By popular request, a salute to the incomparable Sandy Denny, who died 40 years ago but whose remarkable voice will live on for ever.
Although in her short life she was hailed as the Queen of British Folk Rock, the work of Alexandra Elene MacLean Denny transcends musical genres. For a start, she wrote Who Knows Where The Time Goes?
an achingly beautiful reflection on the passing of the years, at the age of only 20. Her version recorded with Fairport Convention on the Unhalfbricking album was voted ‘greatest folk track of all time’ by Radio 2 listeners. Not only is Sandy in marvellous form but the understated playing, sound production, everything about it is perfect. Here we have a band at the peak of their powers, featuring not one but two all-time greats – Sandy and, on guitar, Richard Thompson. The song has been covered by several other artists, but nothing compares to this version. Many fans have chosen to have it played at their funeral and I will be another.

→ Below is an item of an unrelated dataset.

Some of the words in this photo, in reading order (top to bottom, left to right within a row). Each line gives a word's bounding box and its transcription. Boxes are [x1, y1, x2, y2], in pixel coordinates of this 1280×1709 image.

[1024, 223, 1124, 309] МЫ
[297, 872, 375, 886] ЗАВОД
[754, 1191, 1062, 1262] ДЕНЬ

Born in London in 1947, Sandy Denny trained as a nurse on leaving school but then began a course at art college and soon became professionally involved in the capital’s folk music scene. After a brief collaboration with the Strawbs, she auditioned in May 1968 for Fairport Convention to replace Judy Dyble as singer. In an oft-repeated quote, band member Simon Nicol said she stood out from the other hopefuls ‘like a clean glass in a sink full of dirty dishes’.
Her first album with Fairport was 1969’s What We Did On Our Holidays, supplying the delicate first track Fotheringay, about the castle where Mary, Queen of Scots was imprisoned. Sandy herself was of Scottish heritage.

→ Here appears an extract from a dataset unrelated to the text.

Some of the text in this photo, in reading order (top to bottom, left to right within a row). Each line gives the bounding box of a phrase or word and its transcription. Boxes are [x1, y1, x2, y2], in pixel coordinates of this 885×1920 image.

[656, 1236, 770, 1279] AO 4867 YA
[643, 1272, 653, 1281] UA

Her growing influence on the band became apparent later that same year with Unhalfbricking, which features the Denny compositions Autopsy and the aforementioned Who Knows Where The Time Goes? as well as the traditional A Sailor’s Life, which she had learned during her time in the folk clubs. This was an 11-minute improvisation which laid the foundations for the terrific album Liege and Lief, their third of the year.
One of the towering achievements of folk rock, Liege and Lief includes many classic tracks including Matty Groves, Farewell, Farewell, Tam Lin and Crazy Man Michael. It was voted ‘most important folk album of all time’ and a superb deluxe CD reissue was released in 2007, with a bonus disc of out-takes and BBC sessions.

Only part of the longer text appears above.